What is needed is a verbatim copy of every record below, with the pictures left out.

BEGIN

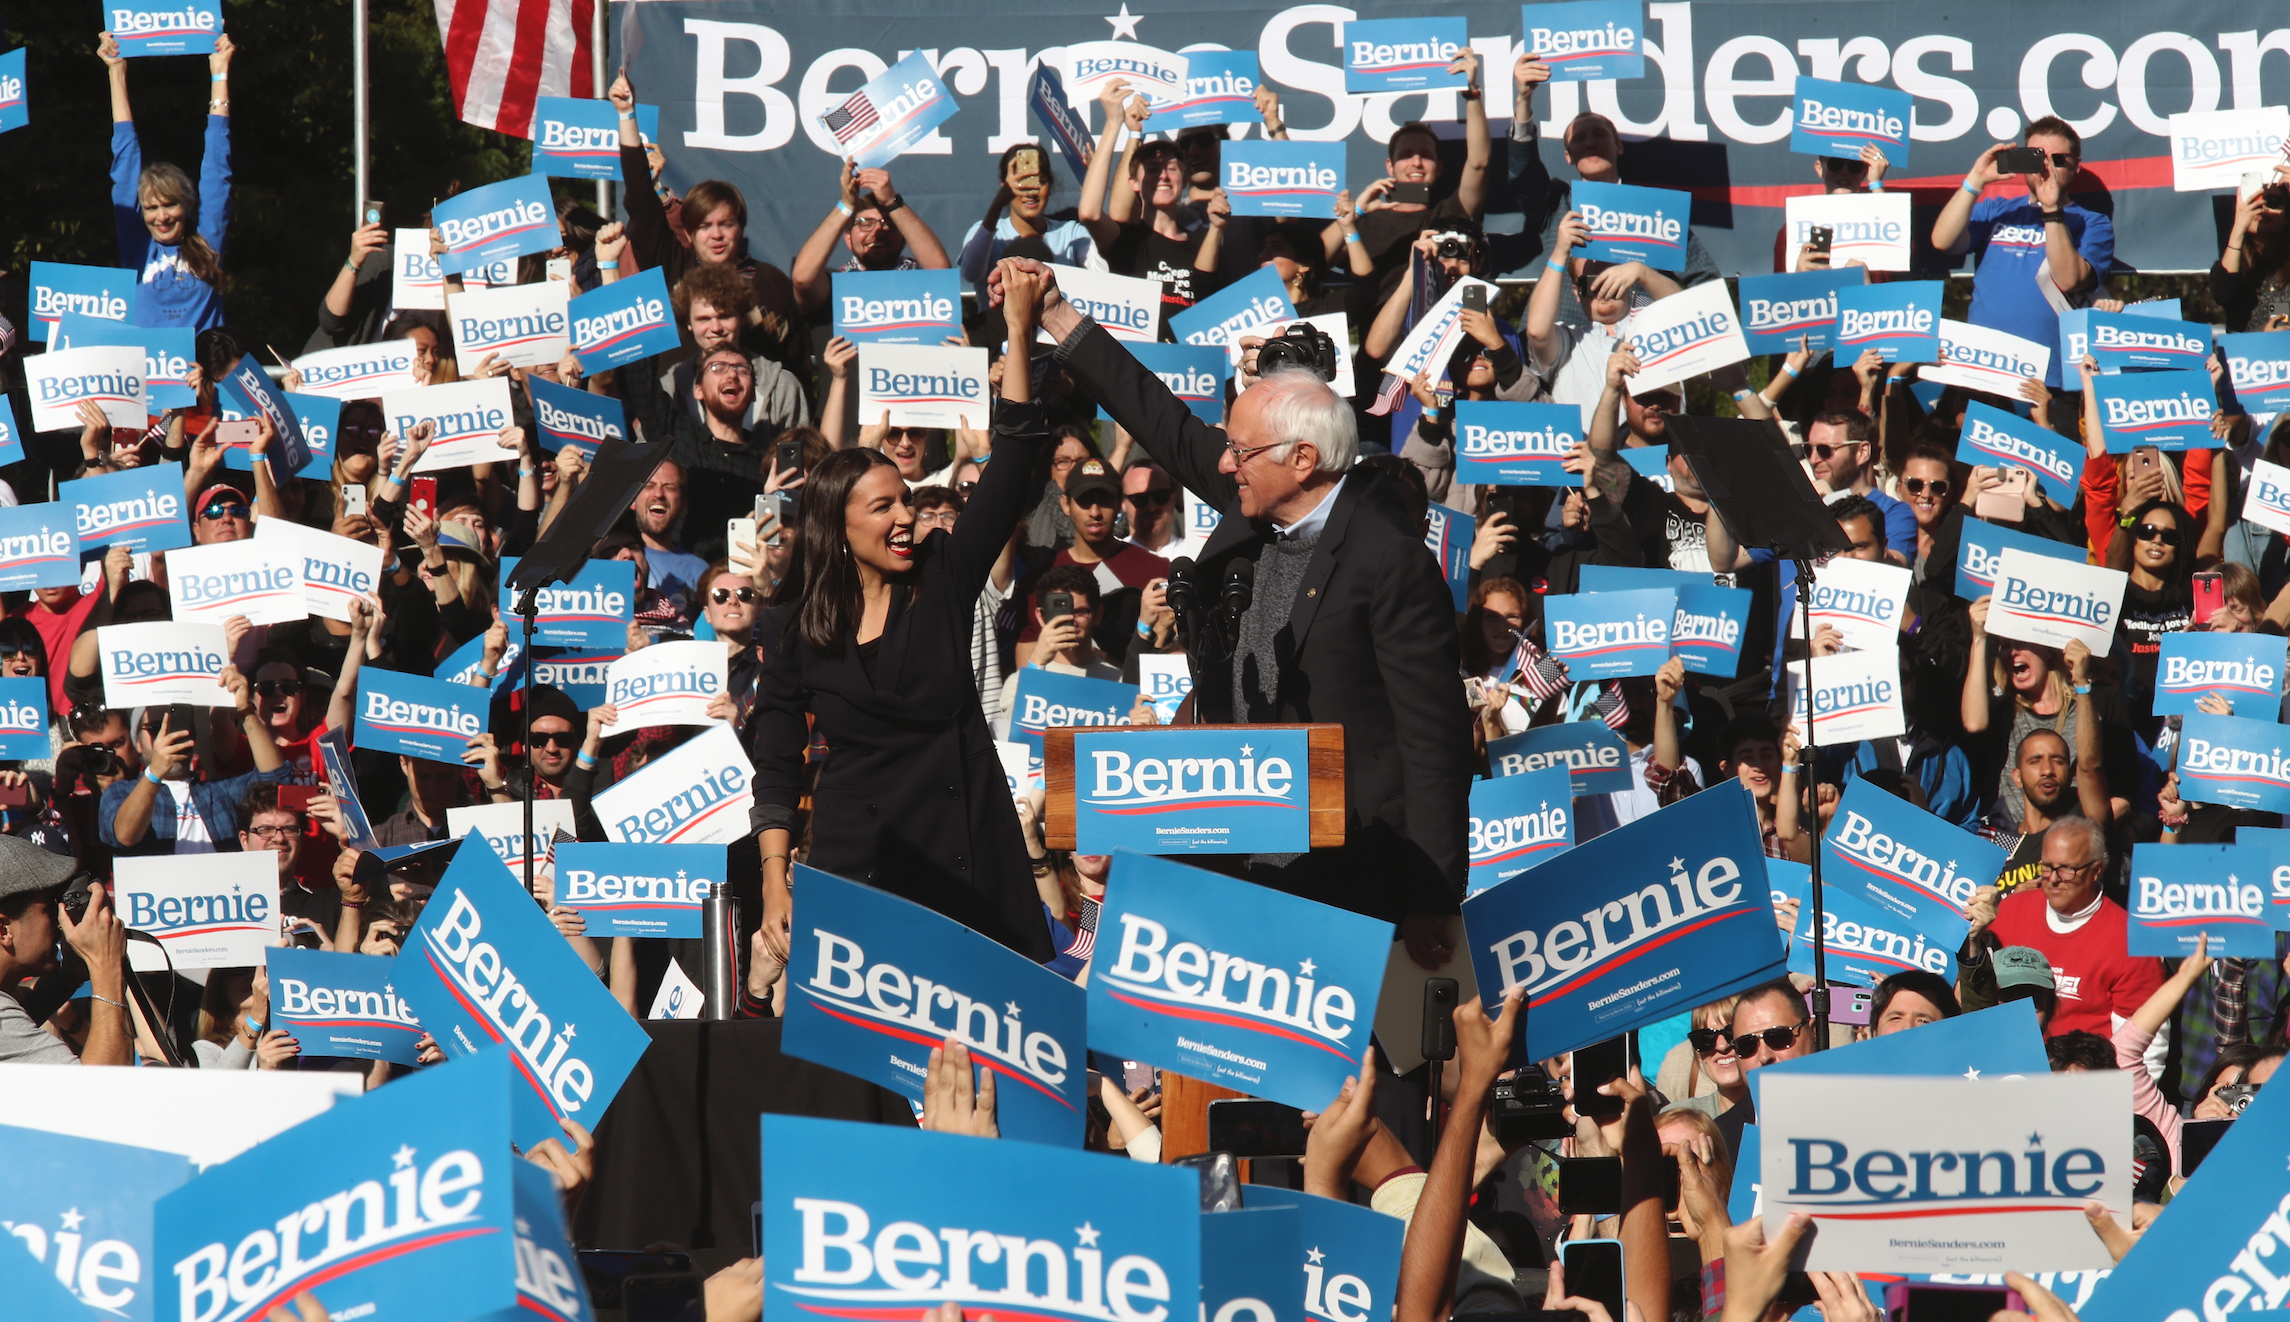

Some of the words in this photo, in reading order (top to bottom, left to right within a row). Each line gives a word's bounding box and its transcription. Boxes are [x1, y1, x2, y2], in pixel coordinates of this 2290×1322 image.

[112, 6, 214, 32] Bernie
[1532, 21, 1633, 54] Bernie
[1076, 54, 1177, 84] Bernie
[1352, 36, 1459, 66] Bernie
[542, 121, 648, 147] Bern
[1800, 99, 1903, 139] Bernie
[2181, 131, 2282, 163] Bernie
[1229, 161, 1336, 189] Bernie
[440, 199, 547, 246] Bernie
[1580, 204, 1681, 241] Bernie
[34, 287, 127, 321] Bernie
[574, 296, 665, 346] Bernie
[842, 292, 953, 323] Bernie
[1063, 299, 1149, 331] ernie
[1186, 296, 1286, 346] Bernie
[1747, 289, 1837, 328] Berni
[1841, 303, 1933, 337] Bernie
[460, 307, 564, 343] Bernie
[1404, 302, 1462, 373] Berni
[1632, 311, 1730, 360] Bernie
[2095, 325, 2204, 355] Bernie
[146, 349, 187, 379] nie
[302, 353, 410, 385] Bernie
[1939, 338, 2037, 379] Bernie
[38, 369, 140, 402] Bernie
[870, 368, 980, 398] Bernie
[236, 367, 300, 471] Bernie
[536, 398, 622, 439] Bernie
[2105, 391, 2211, 424] Bernie
[1465, 425, 1573, 454] Bernie
[1969, 419, 2073, 484] Bernie
[77, 491, 177, 534] Bernie
[0, 526, 70, 559] rnie
[179, 562, 293, 602] Bernie
[302, 557, 370, 593] rnie
[2001, 577, 2111, 626] Bernie
[1555, 613, 1667, 649] Bernie
[1672, 610, 1739, 645] Bernie
[111, 646, 222, 676] Bernie
[2164, 656, 2274, 689] Bernie
[613, 665, 718, 703] Bernie
[1797, 675, 1892, 715] Bernie
[366, 691, 479, 736] Bernie
[1091, 743, 1293, 798] Bernie
[1500, 742, 1620, 776] Bernie
[616, 768, 745, 845] Bernie
[1469, 800, 1566, 855] Bernie
[1835, 810, 1977, 905] Bernie
[566, 869, 713, 902] Bernie
[2138, 874, 2263, 917] Bernie
[127, 884, 268, 928] Bernie
[1490, 855, 1743, 1003] Bernie
[1805, 909, 1948, 974] Bernie
[1110, 912, 1357, 1041] Bernie
[1588, 968, 1680, 1011] BernieSanders.com
[431, 888, 594, 1113] Bernie
[809, 927, 1068, 1086] Bernie
[1177, 1036, 1266, 1070] BernieSanders.com
[1787, 1130, 2106, 1198] Bernie
[174, 1144, 484, 1322] Bernie
[1889, 1238, 2005, 1249] BernieSanders.com
[794, 1198, 1171, 1322] Bernie

END

__OUTPUT FOR THIS EXERCISE__
Some of the words in this photo, in reading order (top to bottom, left to right within a row). Each line gives a word's bounding box and its transcription. Boxes are [x1, y1, x2, y2], in pixel coordinates of this 2290×1322 image.

[112, 6, 214, 32] Bernie
[1532, 21, 1633, 54] Bernie
[1076, 54, 1177, 84] Bernie
[1352, 36, 1459, 66] Bernie
[542, 121, 648, 147] Bern
[1800, 99, 1903, 139] Bernie
[2181, 131, 2282, 163] Bernie
[1229, 161, 1336, 189] Bernie
[440, 199, 547, 246] Bernie
[1580, 204, 1681, 241] Bernie
[34, 287, 127, 321] Bernie
[574, 296, 665, 346] Bernie
[842, 292, 953, 323] Bernie
[1063, 299, 1149, 331] ernie
[1186, 296, 1286, 346] Bernie
[1747, 289, 1837, 328] Berni
[1841, 303, 1933, 337] Bernie
[460, 307, 564, 343] Bernie
[1404, 302, 1462, 373] Berni
[1632, 311, 1730, 360] Bernie
[2095, 325, 2204, 355] Bernie
[146, 349, 187, 379] nie
[302, 353, 410, 385] Bernie
[1939, 338, 2037, 379] Bernie
[38, 369, 140, 402] Bernie
[870, 368, 980, 398] Bernie
[236, 367, 300, 471] Bernie
[536, 398, 622, 439] Bernie
[2105, 391, 2211, 424] Bernie
[1465, 425, 1573, 454] Bernie
[1969, 419, 2073, 484] Bernie
[77, 491, 177, 534] Bernie
[0, 526, 70, 559] rnie
[179, 562, 293, 602] Bernie
[302, 557, 370, 593] rnie
[2001, 577, 2111, 626] Bernie
[1555, 613, 1667, 649] Bernie
[1672, 610, 1739, 645] Bernie
[111, 646, 222, 676] Bernie
[2164, 656, 2274, 689] Bernie
[613, 665, 718, 703] Bernie
[1797, 675, 1892, 715] Bernie
[366, 691, 479, 736] Bernie
[1091, 743, 1293, 798] Bernie
[1500, 742, 1620, 776] Bernie
[616, 768, 745, 845] Bernie
[1469, 800, 1566, 855] Bernie
[1835, 810, 1977, 905] Bernie
[566, 869, 713, 902] Bernie
[2138, 874, 2263, 917] Bernie
[127, 884, 268, 928] Bernie
[1490, 855, 1743, 1003] Bernie
[1805, 909, 1948, 974] Bernie
[1110, 912, 1357, 1041] Bernie
[1588, 968, 1680, 1011] BernieSanders.com
[431, 888, 594, 1113] Bernie
[809, 927, 1068, 1086] Bernie
[1177, 1036, 1266, 1070] BernieSanders.com
[1787, 1130, 2106, 1198] Bernie
[174, 1144, 484, 1322] Bernie
[1889, 1238, 2005, 1249] BernieSanders.com
[794, 1198, 1171, 1322] Bernie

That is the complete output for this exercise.